ARTE – À LA DEMANDE – SÉRIE
Au commencement était une fratrie catholique et musicale qui, sous le nom de Flos Mariae, alimentait YouTube en vidéoclips kitsch. L’un d’entre eux, Amen, devenu viral, a suscité chez le duo de cinéastes Javier Ambrossi et Javier Calvo, connus en Espagne comme Los Javis, le désir de raconter l’histoire de cette famille, rebaptisée ici « Stella Maris ». La satisfaction de ce désir a produit une série imposante – par sa durée, par son ampleur – qui pourtant ne se départ jamais d’une modestie, d’une empathie qui tiennent à distance aussi bien l’ironie que le didactisme.
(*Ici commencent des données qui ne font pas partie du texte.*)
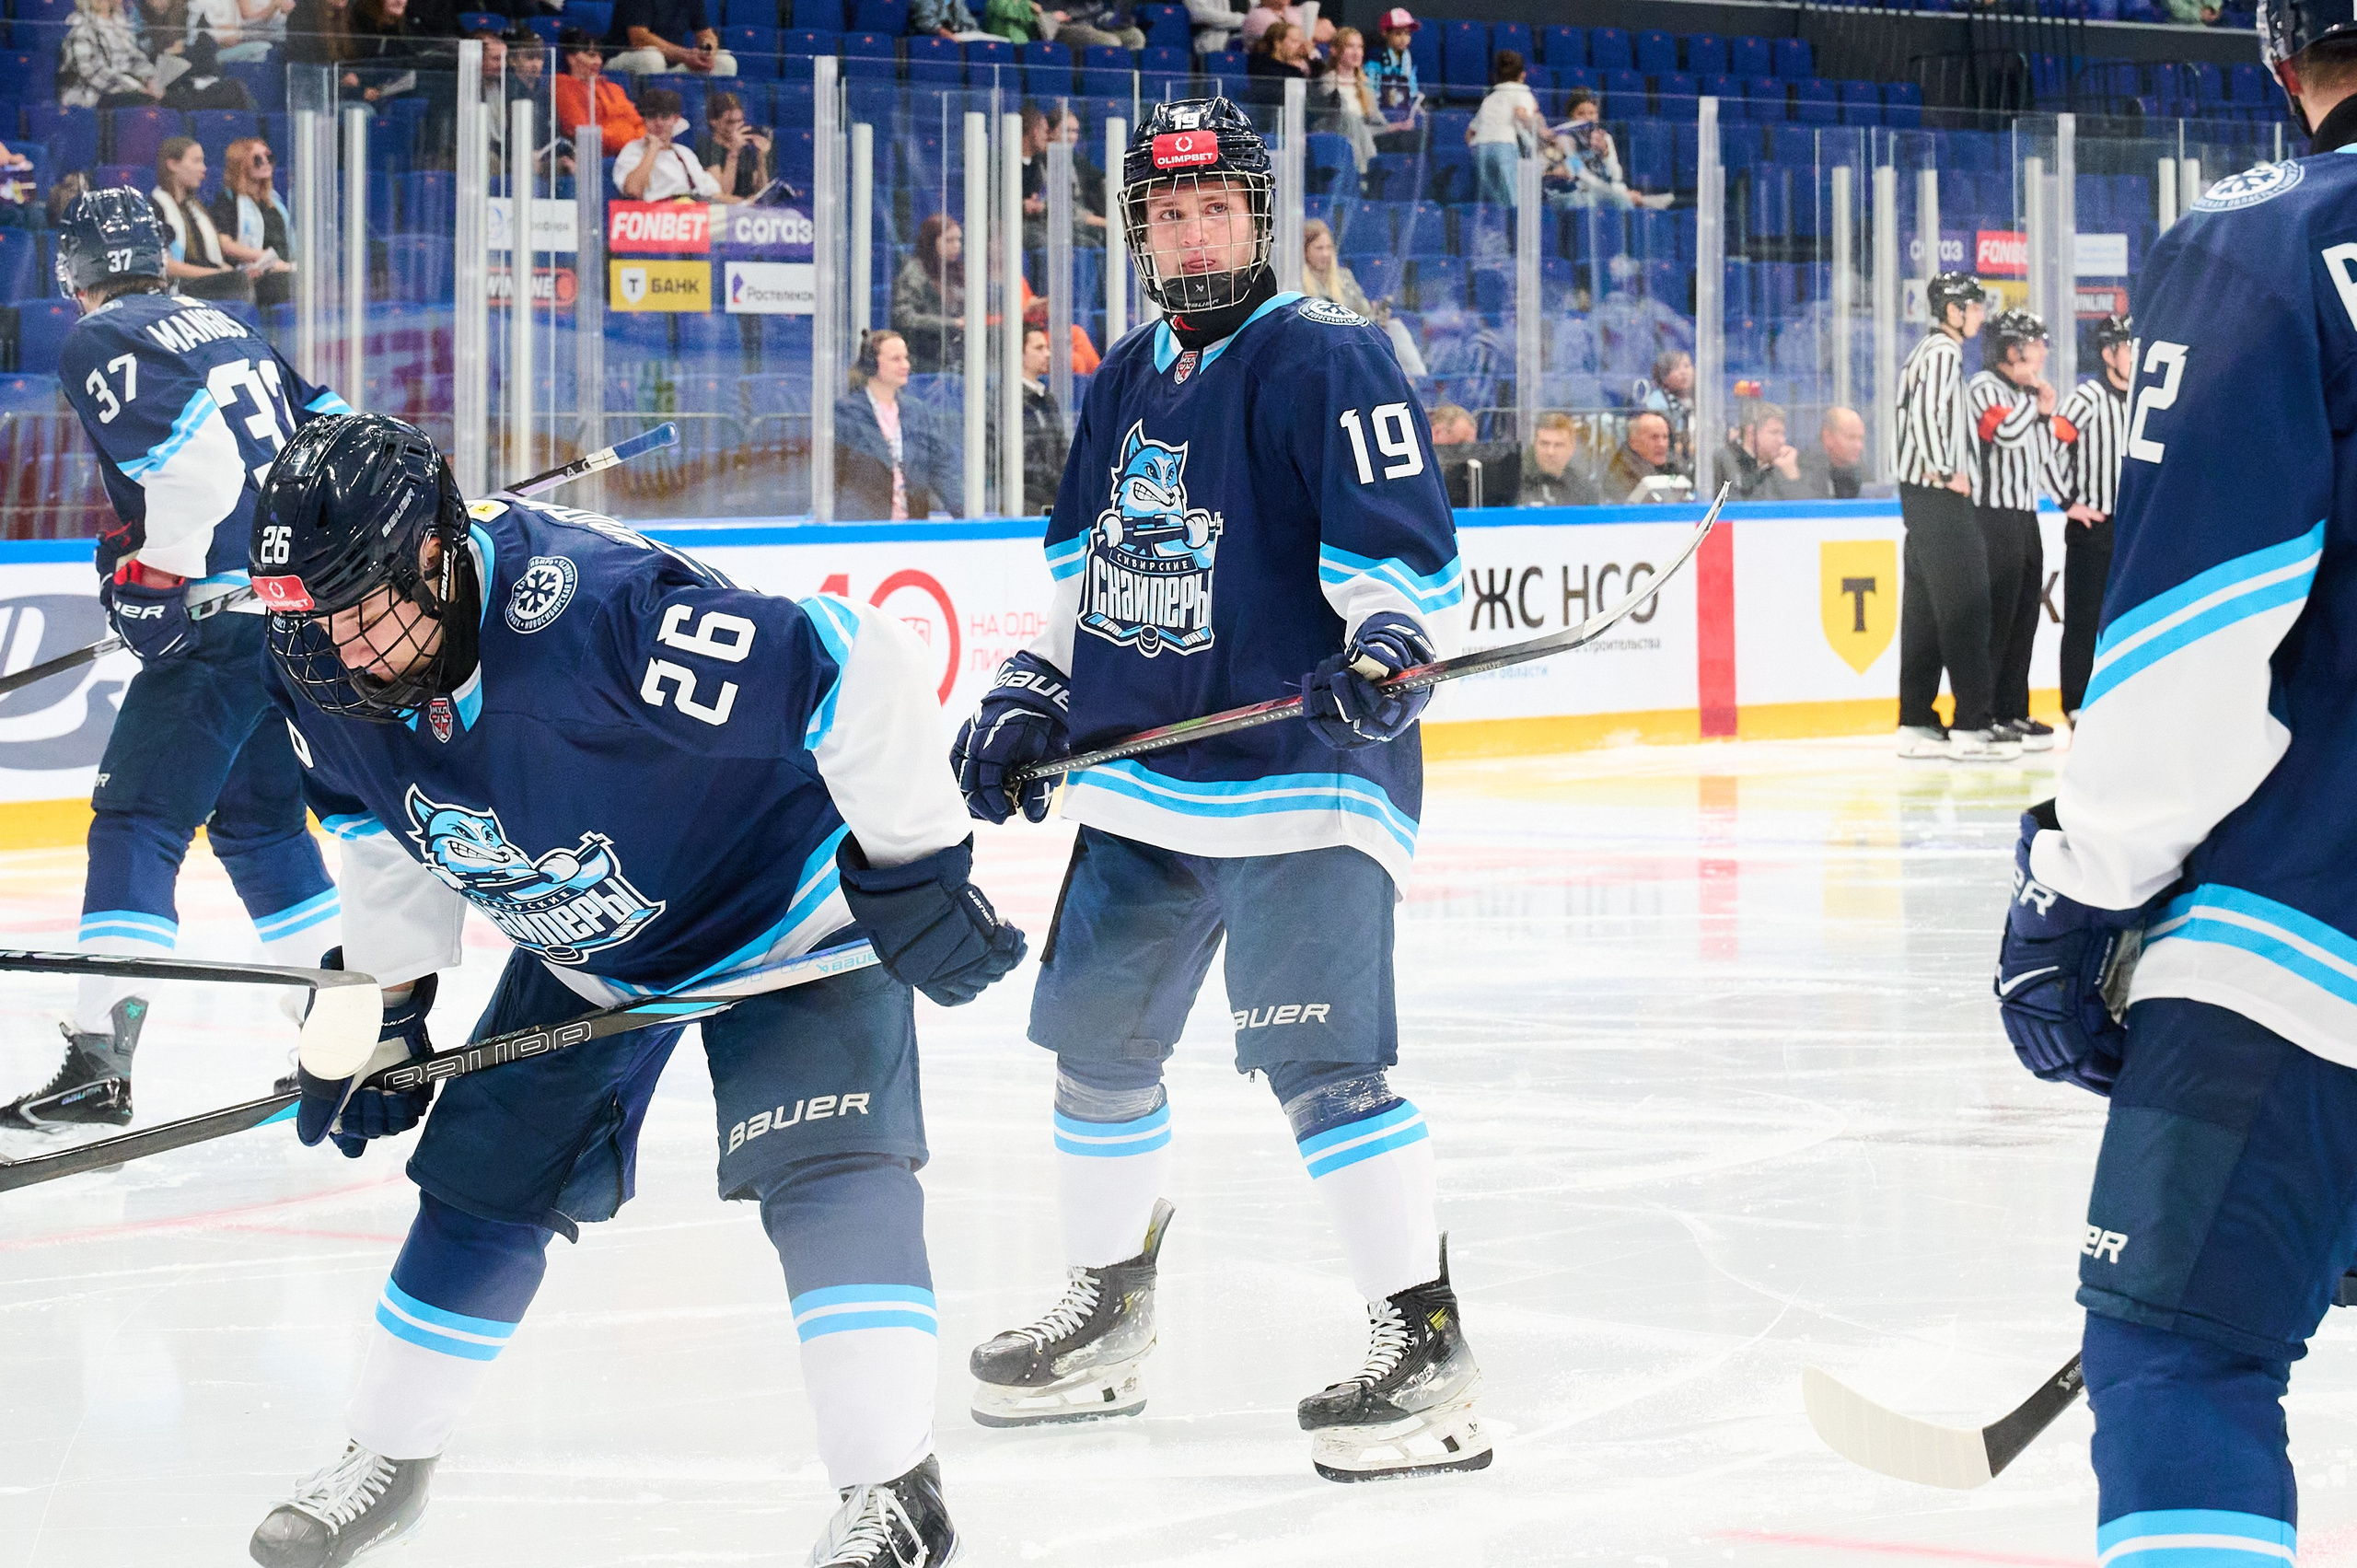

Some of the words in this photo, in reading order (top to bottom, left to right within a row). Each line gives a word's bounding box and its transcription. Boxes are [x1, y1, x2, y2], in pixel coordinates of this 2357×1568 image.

Récit d’enfances mutilées par l’enfermement, le fanatisme et le mensonge, La Mesias (« la messie ») embrasse du regard les formes que prend la quête de transcendance au XXIe siècle, explorant minutieusement les lacunes et les blessures de chacun des personnages. Parsemé de références cinématographiques, des musicals hollywoodiens de l’âge d’or à E.T., attentif à la réalité des lieux et des temps (le scénario couvre plusieurs décennies), La Mesias est une œuvre dense et délicate que chacun découvrira à son rythme. Arte la propose en effet sur sa plateforme sans la diffuser à l’antenne.
Au centre de cet univers, il y a Montserrat Baro, que l’on découvre sous les traits d’une jeune femme séduisante et instable (Ana Rujas) qui, dans la Catalogne des années 2000, trimballe ses enfants, un garçon, Enric, et une fille, Irene, d’homme en homme, de petit boulot en petit boulot. Jusqu’à ce qu’elle rencontre Pep (Albert Pla), catholique rigoriste qui enferme femme et enfants dans une bâtisse isolée. Loin du monde, la famille croît, jusqu’à ce que les filles nées de Pep et Montserrat soient assez nombreuses et assez âgées pour former un groupe musical.
Le récit va et vient entre les époques. Le fil contemporain du récit accompagne Enric (Roger Casamajor) devenu cadreur de cinéma et Irene (Macarena Garcia), qui s’est faite couturière, engagés chacun à sa manière, dans un règlement de comptes avec le passé.
L’autre versant de La Mesias relate les années passées sous l’emprise d’une mère qui a fini par se persuader qu’elle était la porte-parole de Dieu sur terre. C’est Lola Dueñas qui endosse cet avatar messianique, celui qui donne son titre transgenre à la série. Elle le fait avec une violence monstrueuse qui prolonge et pervertit la folie et la rébellion de Montserrat jeune, les metteurs en scène parvenant à établir une continuité irréfutable entre ces deux incarnations portées par des actrices qui ne se ressemblent en rien.